» **WORK REQUIRED**: Since only the words are wanted, reproduce every entry exactly and leave the images behind.

» **MATERIAL FOR THIS EXERCISE**:
= = = = = = =
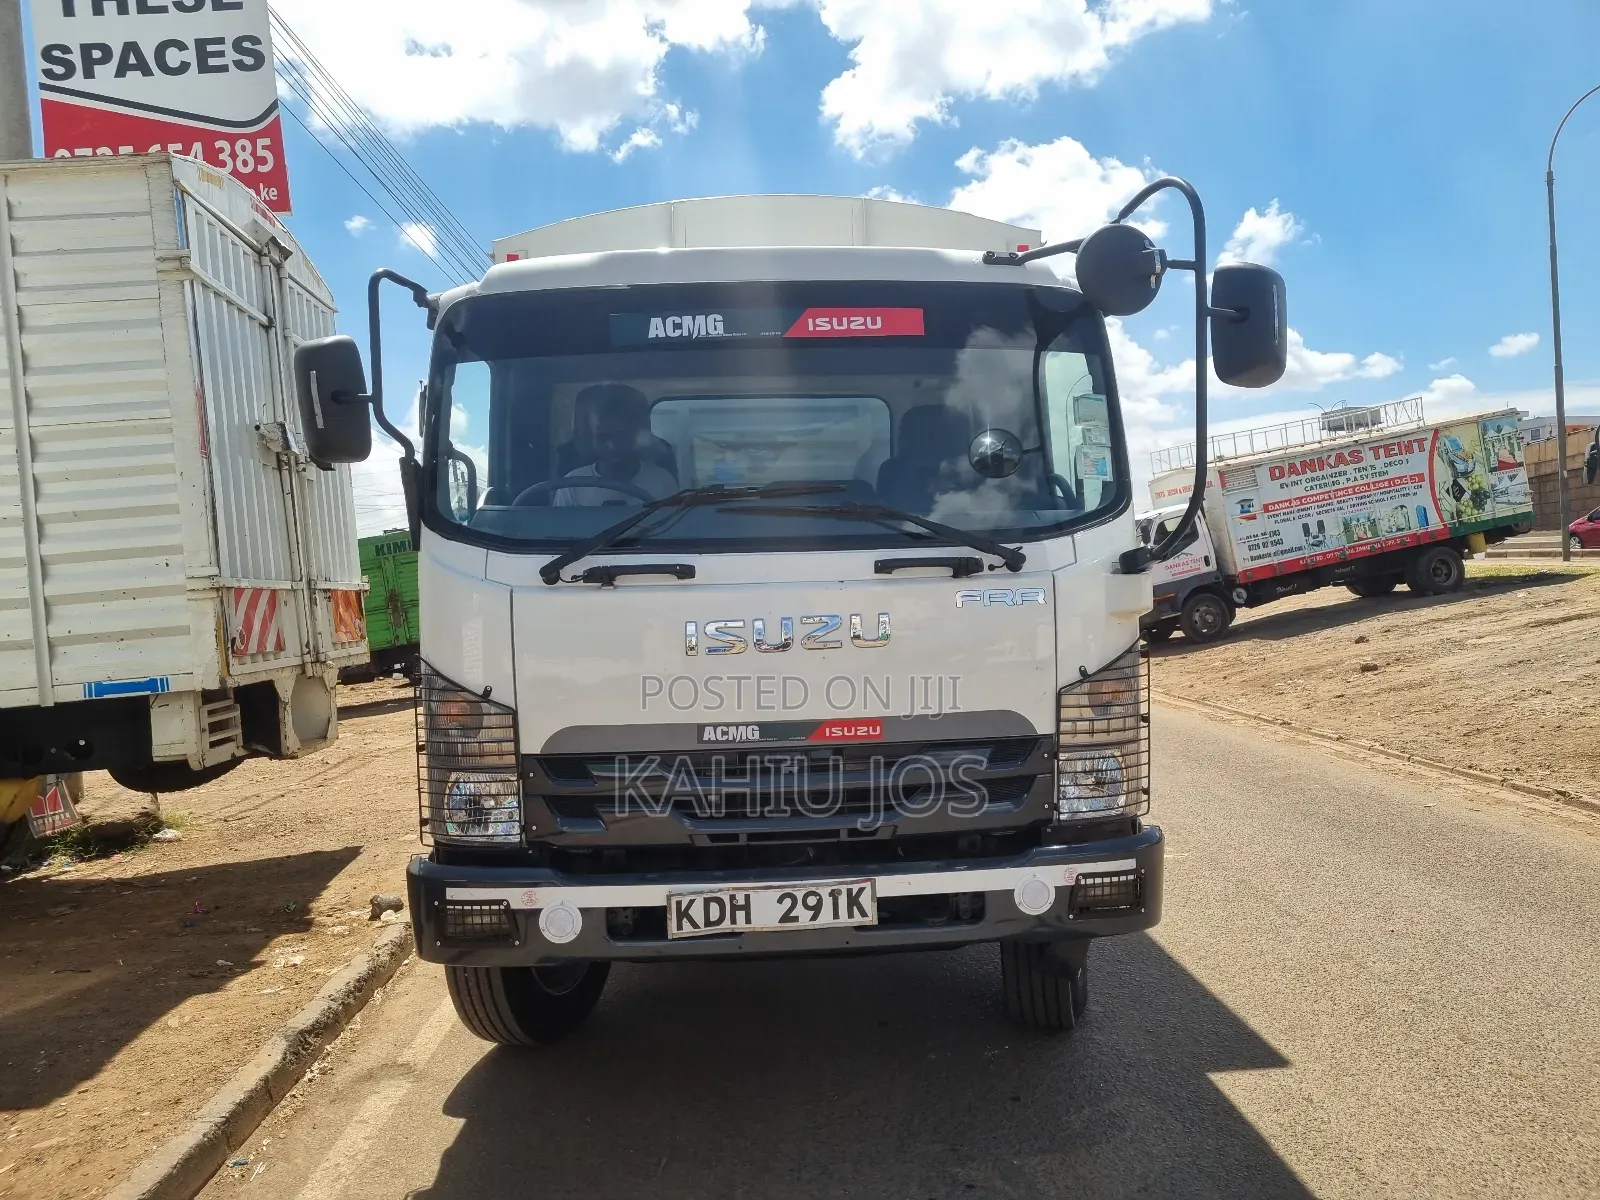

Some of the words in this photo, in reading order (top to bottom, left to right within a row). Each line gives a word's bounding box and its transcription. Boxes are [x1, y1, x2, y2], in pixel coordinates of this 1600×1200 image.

[40, 34, 266, 82] SPACES
[647, 313, 725, 339] ACMG
[808, 315, 883, 332] ISUZU
[1268, 449, 1364, 481] DANKAS
[954, 587, 1048, 608] FRR
[684, 611, 892, 663] ISUZU
[702, 724, 760, 743] ACMG
[825, 725, 881, 738] ISUZU
[675, 893, 752, 931] KDH
[776, 886, 870, 924] 291K
= = = = = = =
» **ANSWER TO THE EXERCISE**:
Some of the words in this photo, in reading order (top to bottom, left to right within a row). Each line gives a word's bounding box and its transcription. Boxes are [x1, y1, x2, y2], in pixel coordinates of this 1600×1200 image.

[40, 34, 266, 82] SPACES
[647, 313, 725, 339] ACMG
[808, 315, 883, 332] ISUZU
[1268, 449, 1364, 481] DANKAS
[954, 587, 1048, 608] FRR
[684, 611, 892, 663] ISUZU
[702, 724, 760, 743] ACMG
[825, 725, 881, 738] ISUZU
[675, 893, 752, 931] KDH
[776, 886, 870, 924] 291K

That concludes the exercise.